Work to complete:
Once the pictures are set aside, retype the remaining entries exactly.

--- Data to use Enclosed Below ---

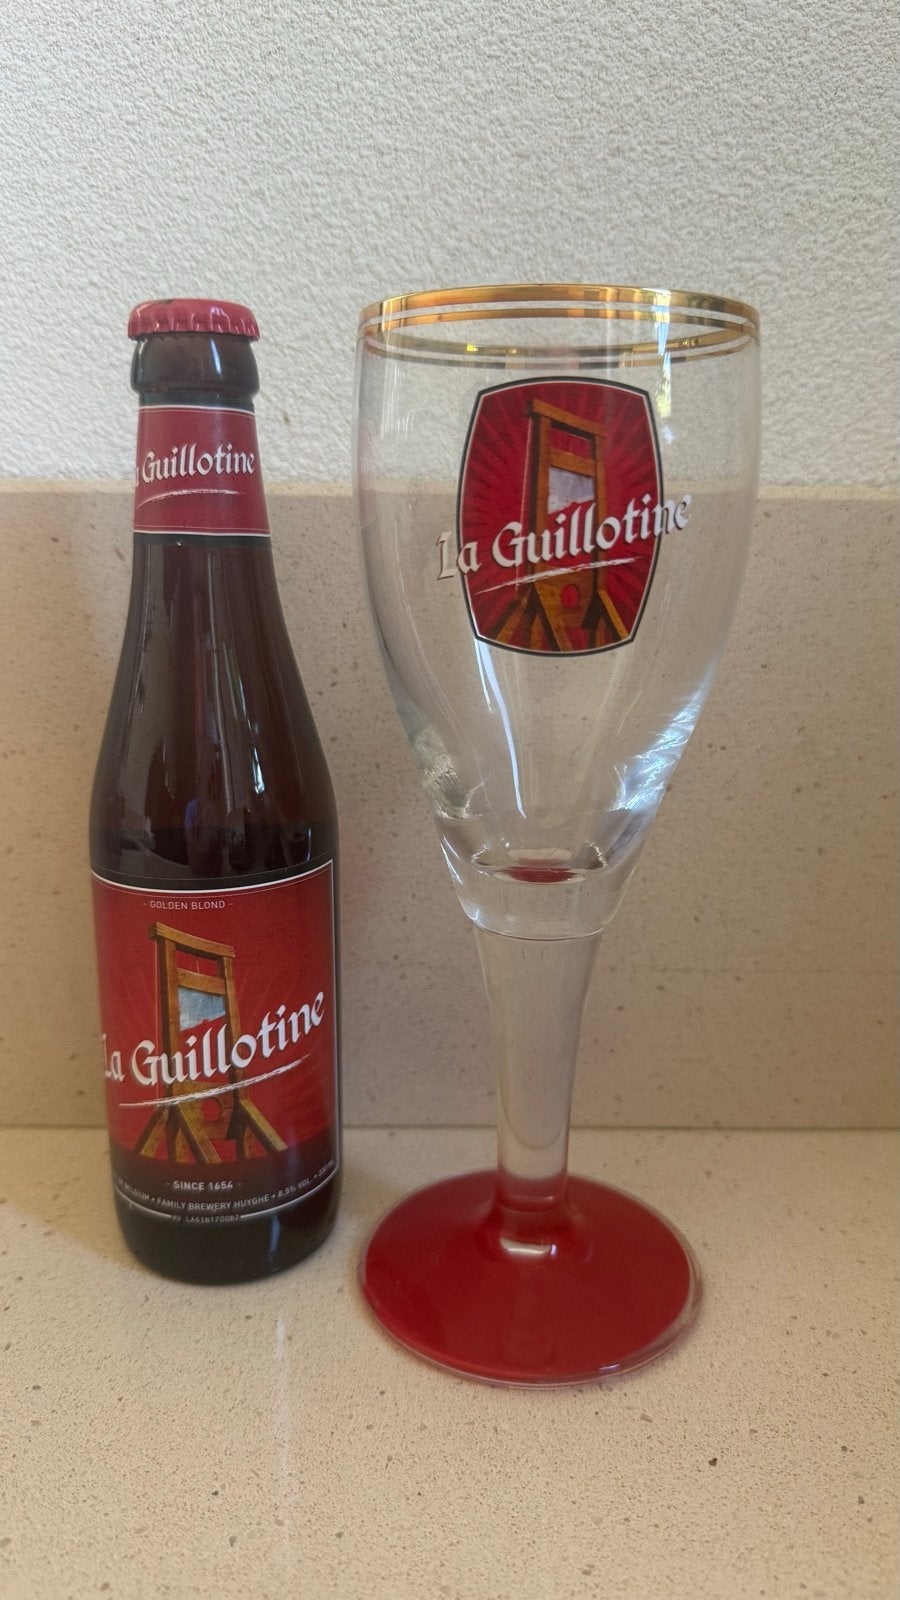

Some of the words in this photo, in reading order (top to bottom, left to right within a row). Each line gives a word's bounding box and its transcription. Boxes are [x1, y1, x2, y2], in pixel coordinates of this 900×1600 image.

[142, 442, 255, 484] Guillotine
[436, 531, 482, 581] La
[492, 493, 693, 568] Guillotine
[150, 900, 188, 910] GOLDEN
[191, 900, 226, 910] BLOND
[131, 991, 325, 1087] Guillotine
[173, 1180, 205, 1191] SINCE
[208, 1180, 234, 1191] 1654
[157, 1197, 186, 1209] FAMILY
[188, 1201, 232, 1211] BREWERY
[234, 1194, 270, 1209] HUYGHE
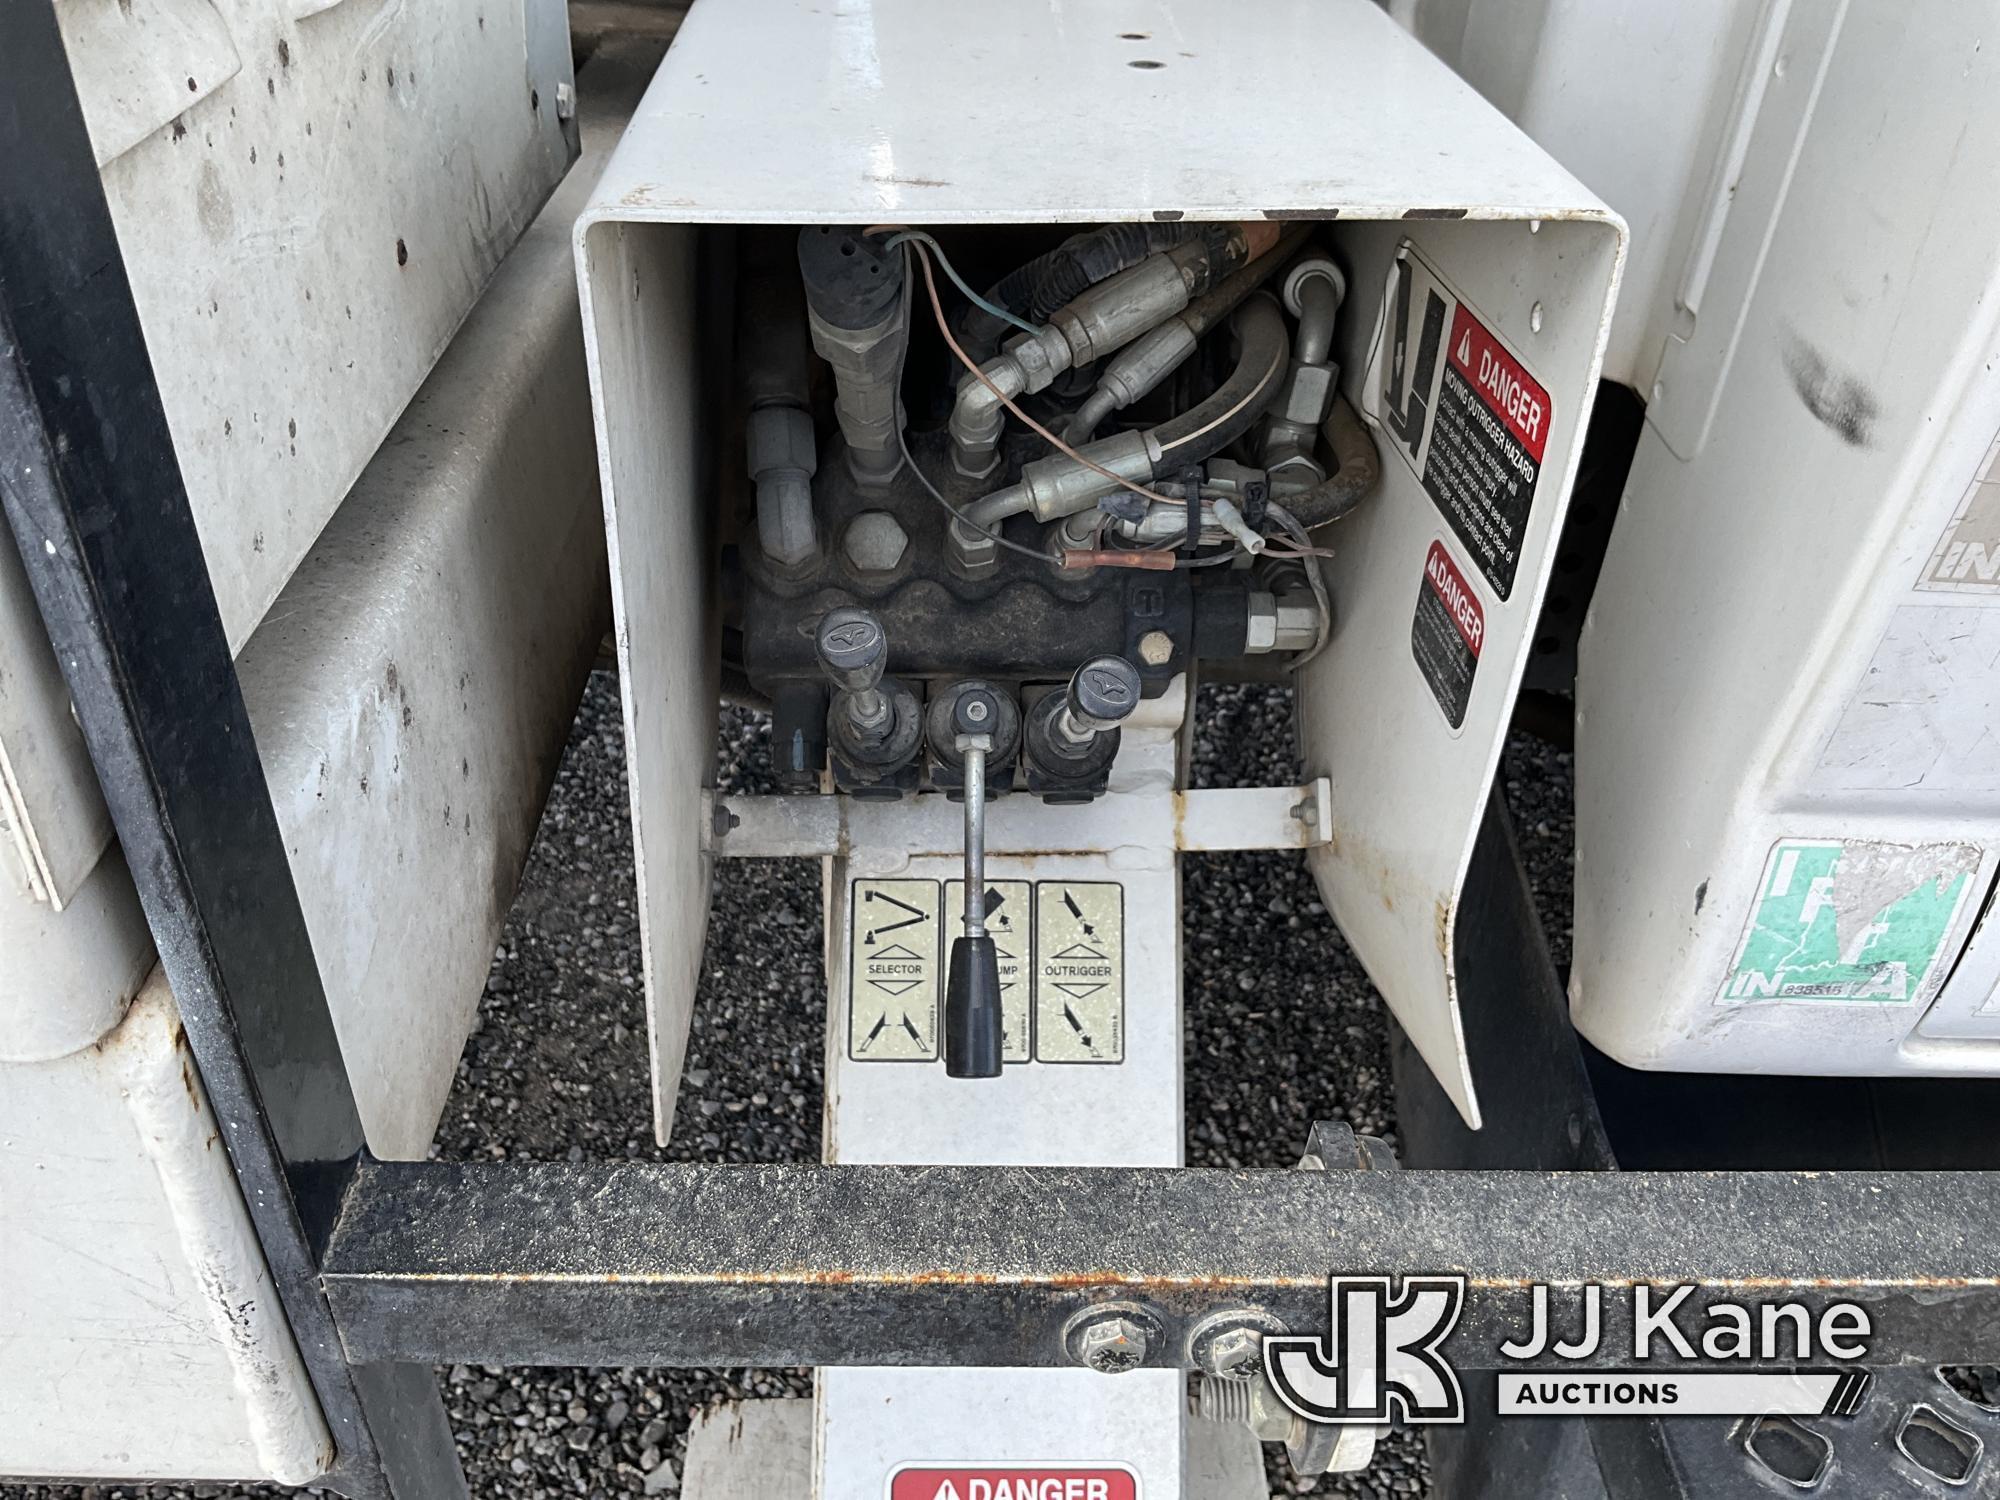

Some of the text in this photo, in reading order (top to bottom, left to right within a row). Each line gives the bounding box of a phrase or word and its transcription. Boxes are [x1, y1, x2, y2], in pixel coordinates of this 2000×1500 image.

--- End of Enclosed Data to use ---

Output for this exercise:
Some of the words in this photo, in reading order (top to bottom, left to right within a row). Each line gives a word's bounding box and its transcription. Boxes are [x1, y1, x2, y2], in pixel coordinates of this 900×1600 image.

[142, 442, 255, 484] Guillotine
[436, 531, 482, 581] La
[492, 493, 693, 568] Guillotine
[150, 900, 188, 910] GOLDEN
[191, 900, 226, 910] BLOND
[131, 991, 325, 1087] Guillotine
[173, 1180, 205, 1191] SINCE
[208, 1180, 234, 1191] 1654
[157, 1197, 186, 1209] FAMILY
[188, 1201, 232, 1211] BREWERY
[234, 1194, 270, 1209] HUYGHE

Some of the text in this photo, in reading order (top to bottom, left to right within a row). Each line gives the bounding box of a phrase or word and its transcription. Boxes are [x1, y1, x2, y2], in pixel coordinates of this 2000×1500 image.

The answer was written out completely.